# [RECORD EXTRACTS]
========================

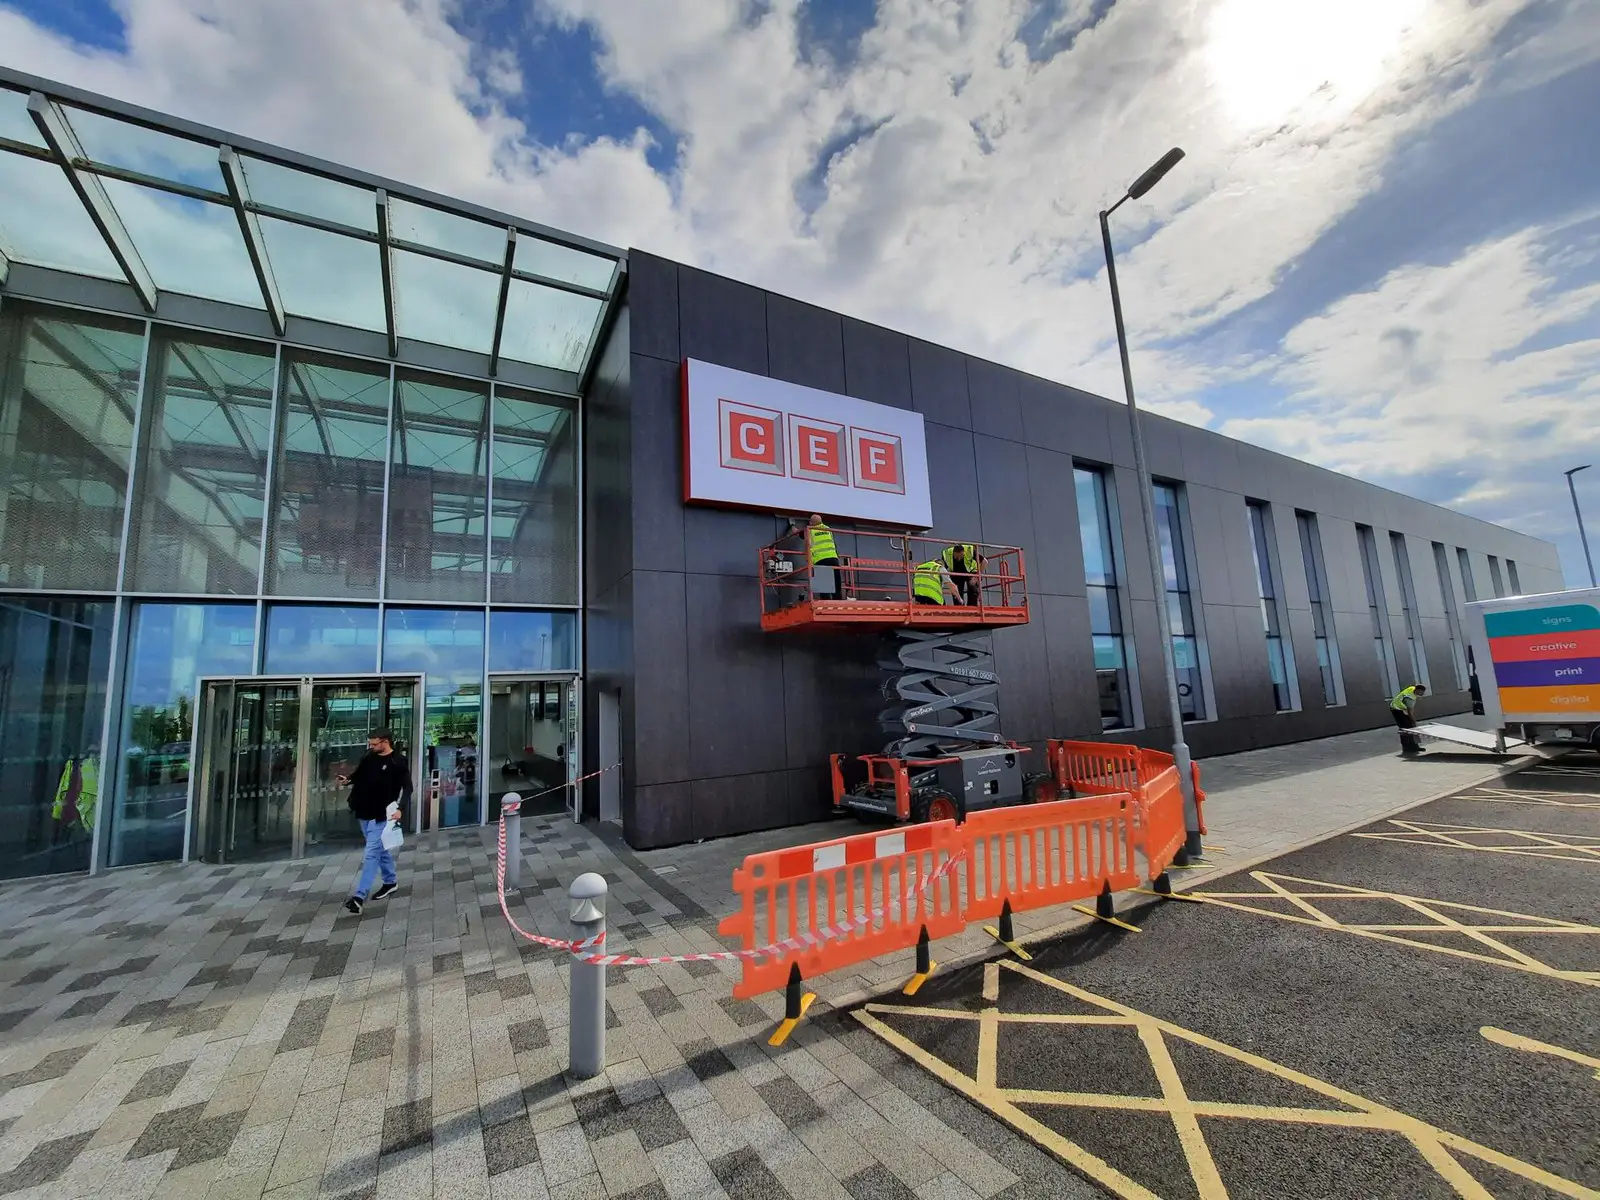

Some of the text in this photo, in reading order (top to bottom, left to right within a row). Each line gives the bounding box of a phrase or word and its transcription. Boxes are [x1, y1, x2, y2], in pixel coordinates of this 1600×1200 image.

[739, 422, 887, 475] CEF
[1542, 616, 1572, 626] signs
[1529, 642, 1577, 652] creative
[1555, 667, 1584, 677] print
[1550, 695, 1589, 705] digital

========================

# [ASSIGNMENT]
Where a record holds a picture, leave the picture out and restate the rest word for word.

# [ANSWER BOX]
Some of the text in this photo, in reading order (top to bottom, left to right within a row). Each line gives the bounding box of a phrase or word and its transcription. Boxes are [x1, y1, x2, y2], in pixel coordinates of this 1600×1200 image.

[739, 422, 887, 475] CEF
[1542, 616, 1572, 626] signs
[1529, 642, 1577, 652] creative
[1555, 667, 1584, 677] print
[1550, 695, 1589, 705] digital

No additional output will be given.